La gestione dei rischi per la sicurezza di terze parti richiede rivalutazioni regolari

Anche se le tue policy di sicurezza per i partner del business sono state attentamente esaminate all’inizio della collaborazione, il risk management per la sicurezza di terze parti richiede rivalutazioni regolari per garantire che siano mantenuti livelli appropriati di sicurezza, privacy, compliance e resilienza.

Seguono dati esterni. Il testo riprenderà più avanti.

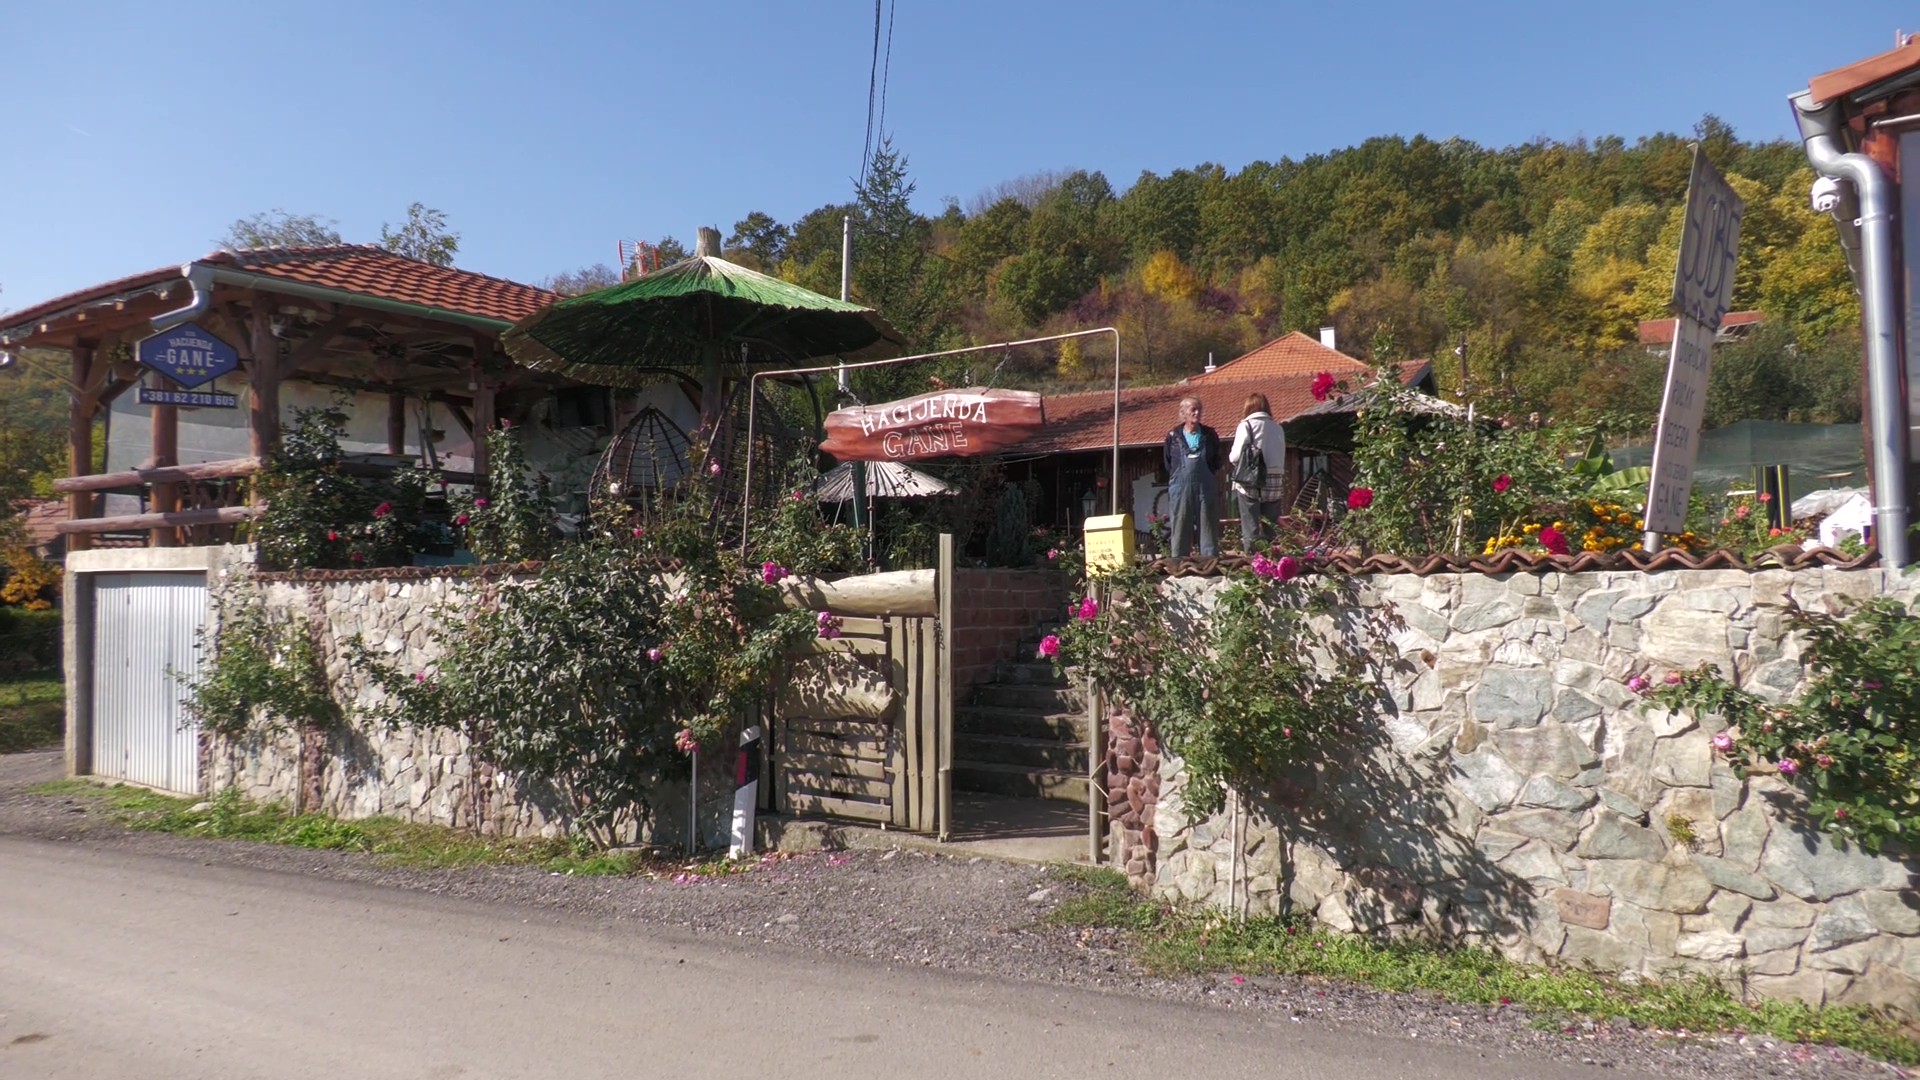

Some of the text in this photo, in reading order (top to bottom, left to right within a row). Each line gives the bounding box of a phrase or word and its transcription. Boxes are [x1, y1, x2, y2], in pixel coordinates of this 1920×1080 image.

Con che frequenza è necessario rivalutare i rischi per la sicurezza

Gli esperti concordano che firmare un accordo di business non costituisca la fase finale della gestione del rischio di terze parti, quanto piuttosto quella iniziale. Nonostante molte terze parti preferiscano termini di contratto di tre anni, il livello di sicurezza relativo alle terze parti e lo stato generale della relazione di business dovrebbero essere rivalutati almeno una volta l’anno. Sarebbe inoltre necessario eseguire rivalutazioni in seguito a eventuali modifiche del contratto, a prescindere dal fatto che si tratti di modifiche nell’ambito dell’accordo o di modifiche all’IT impiegato da entrambe le parti. Le terze parti dovrebbero essere sottoposte a valutazione anche quando si verificano problemi come incidenti di sicurezza o carenze di audit materiali.

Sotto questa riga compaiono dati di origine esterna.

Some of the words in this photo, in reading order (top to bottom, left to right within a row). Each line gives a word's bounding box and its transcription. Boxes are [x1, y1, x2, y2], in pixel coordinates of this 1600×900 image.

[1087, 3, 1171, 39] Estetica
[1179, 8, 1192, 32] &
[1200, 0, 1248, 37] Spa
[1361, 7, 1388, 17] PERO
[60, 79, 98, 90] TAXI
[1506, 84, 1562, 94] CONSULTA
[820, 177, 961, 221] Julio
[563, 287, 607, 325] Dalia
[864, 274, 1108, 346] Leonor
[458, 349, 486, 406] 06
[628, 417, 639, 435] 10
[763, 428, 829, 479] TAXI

Il rischio per la sicurezza relativa alle terze parti è stato un argomento di particolare interesse nelle recenti sessioni del Next-Generation Security Summit e i responsabili della sicurezza di diversi settori hanno condiviso le proprie conoscenze ed esperienze in questo ambito. Stando alle loro opinioni, ecco quali sono i quattro aspetti principali da prendere in considerazione durante una rivalutazione:

1. Revisioni indipendenti di terze parti

Queste comprendono business review e revisioni finanziarie, nonché revisioni tecniche dei controlli di sicurezza tecnici, amministrativi e fisici. È possibile eseguire diversi tipi di revisioni indipendenti e oggettive. Ecco alcuni esempi: lo Statement on Standards for Attestation Engagements (SSAE 16, noto in precedenza come SAS 70); gli standard Service Organization Controls (SOC 1 e SOC 2); lo standard ISO 27001:2013, una certificazione specifica per i controlli di sicurezza; lo standard ISO 22301:2012, una certificazione specifica per la Business Continuity; test di penetrazione indipendenti delle reti e delle applicazioni.

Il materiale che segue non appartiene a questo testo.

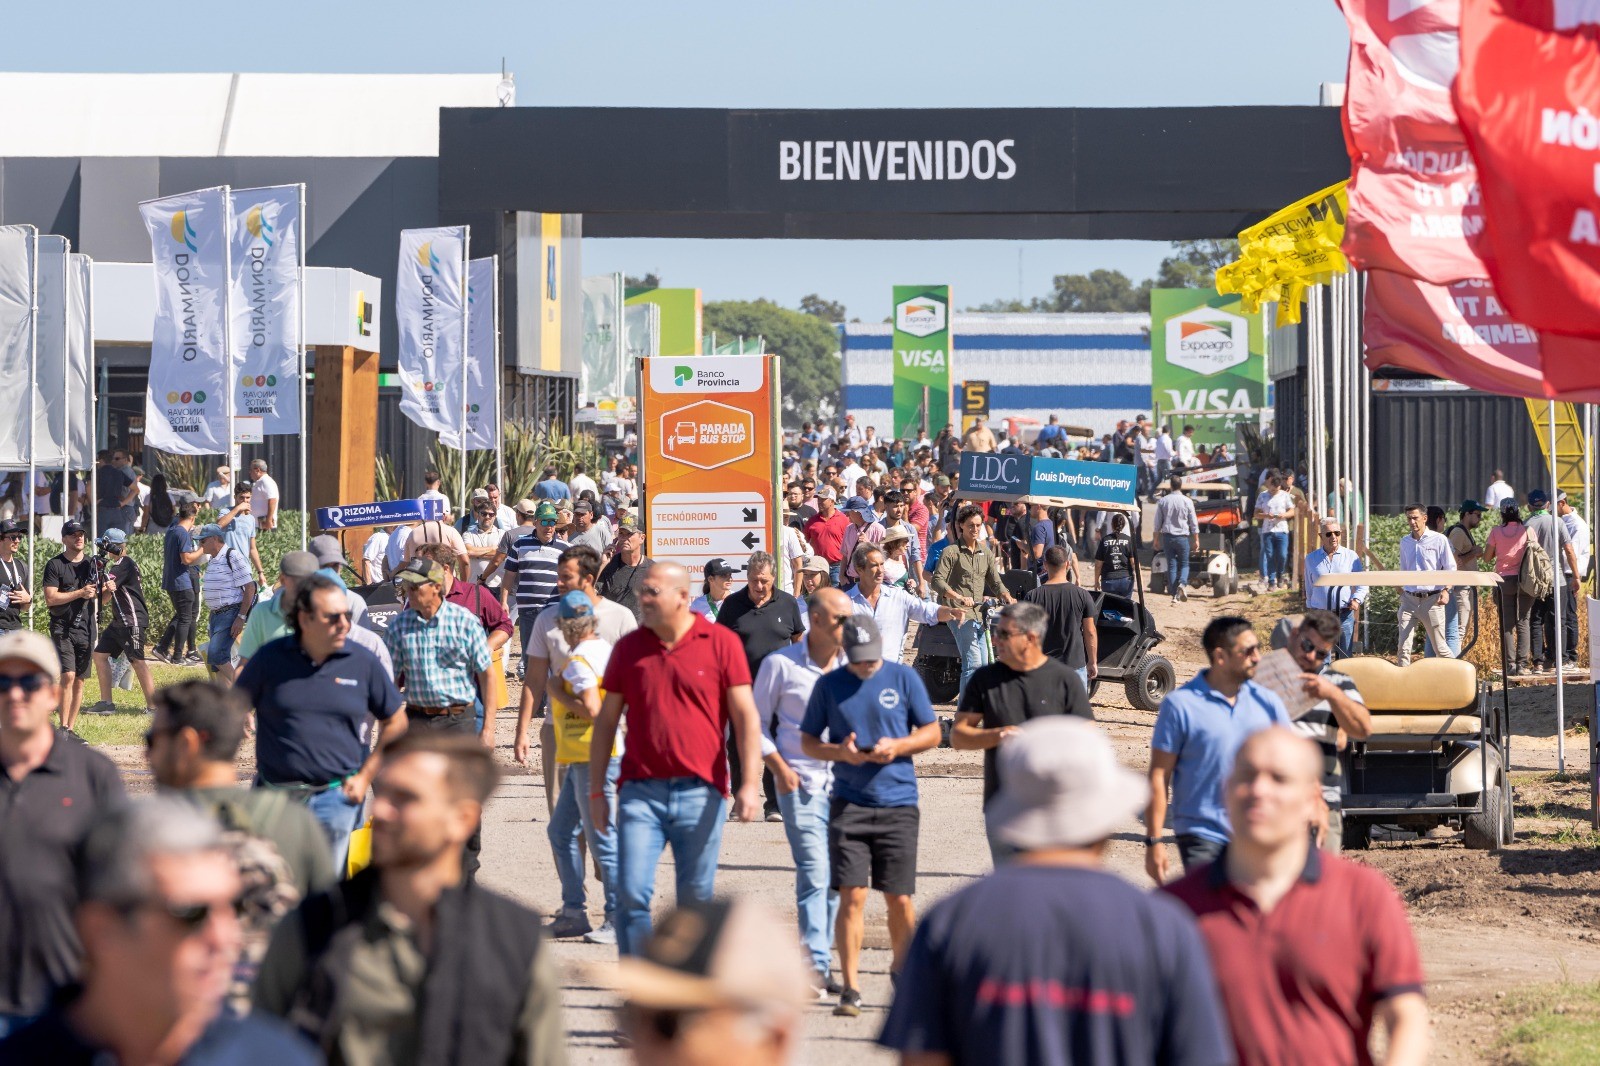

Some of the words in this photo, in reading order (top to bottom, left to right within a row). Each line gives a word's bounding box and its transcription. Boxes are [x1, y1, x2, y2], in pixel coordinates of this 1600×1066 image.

[779, 139, 1017, 180] BIENVENIDOS
[1180, 340, 1233, 353] Expoagro
[897, 349, 945, 367] VISA
[697, 370, 725, 378] Banco
[697, 378, 740, 387] Provincia
[966, 385, 985, 409] 5
[1163, 388, 1254, 418] VISA
[700, 423, 746, 435] PARADA
[700, 435, 719, 444] BUS
[721, 434, 746, 444] STOP
[1035, 470, 1057, 482] Louis
[1059, 472, 1091, 487] Dreyfus
[1092, 475, 1131, 491] Company
[344, 505, 382, 517] RIZOMA
[656, 511, 717, 522] TECNÓDROMO
[657, 537, 710, 546] SANITARIOS

2. Revisioni basate su dati concreti

Oltre ai risultati e alle certificazioni delle revisioni indipendenti, è necessario accertarsi di richiedere le procedure e i piani correnti di disaster recovery (DR) e risposta agli incidenti (IR) e i risultati dei test più recenti delle terze parti.

3. Revisione dei controlli esistenti

Questi comprendono: controlli di sicurezza tecnici, amministrativi e fisici; policy sulla privacy relative a raccolta, utilizzo, storage, accesso, correzione ed eliminazione delle informazioni personali; piani operativi; piani di emergenza, tra cui disaster recovery e risposta agli incidenti. Per quanto riguarda applicazioni basate su cloud che sono ospitate da terze parti, le attività di revisione comprendono: revisione di autenticazione e autorizzazione; configurazione e gestione; crittografia e altri metodi di protezione dei dati; convalida degli input di dati; gestione delle sessioni; generazione di alert e monitoraggio in tempo reale. È importante richiedere una descrizione dettagliata di tutte le modifiche apportate a questi controlli dal momento in cui è stato eseguito l’audit iniziale.

4. Revisione delle procedure di interazione e comunicazione

Nonostante il massimo impegno di entrambe le parti e la rispettiva volontà di eseguire una procedura di onboarding ottimale e lineare, molte attività iniziali dovranno inevitabilmente essere riadattate nel corso della collaborazione. Per una partnership di successo sono necessarie revisioni continue di tecnologie, strutture ad albero delle chiamate per la gestione di situazioni anomale, procedure di handoff e sincronizzazione in merito a responsabili, mansioni e tempistiche e, tra le altre cose, autorizzazioni del personale.

Gli obiettivi strategici dell’organizzazione sono soggetti a evoluzioni e modifiche e le relazioni con terze parti devono evolversi ed essere riadattate insieme a tali obiettivi. Queste rivalutazioni periodiche delle relazioni con terze parti non devono essere limitate a rischi per la sicurezza, la privacy e la compliance non compensati, ma devono essere utilizzate anche per garantire che le relazioni con le terze parti supportino in modo ottimale i rischi compensati relativi agli obiettivi di innovazione, produttività e crescita dell’organizzazione.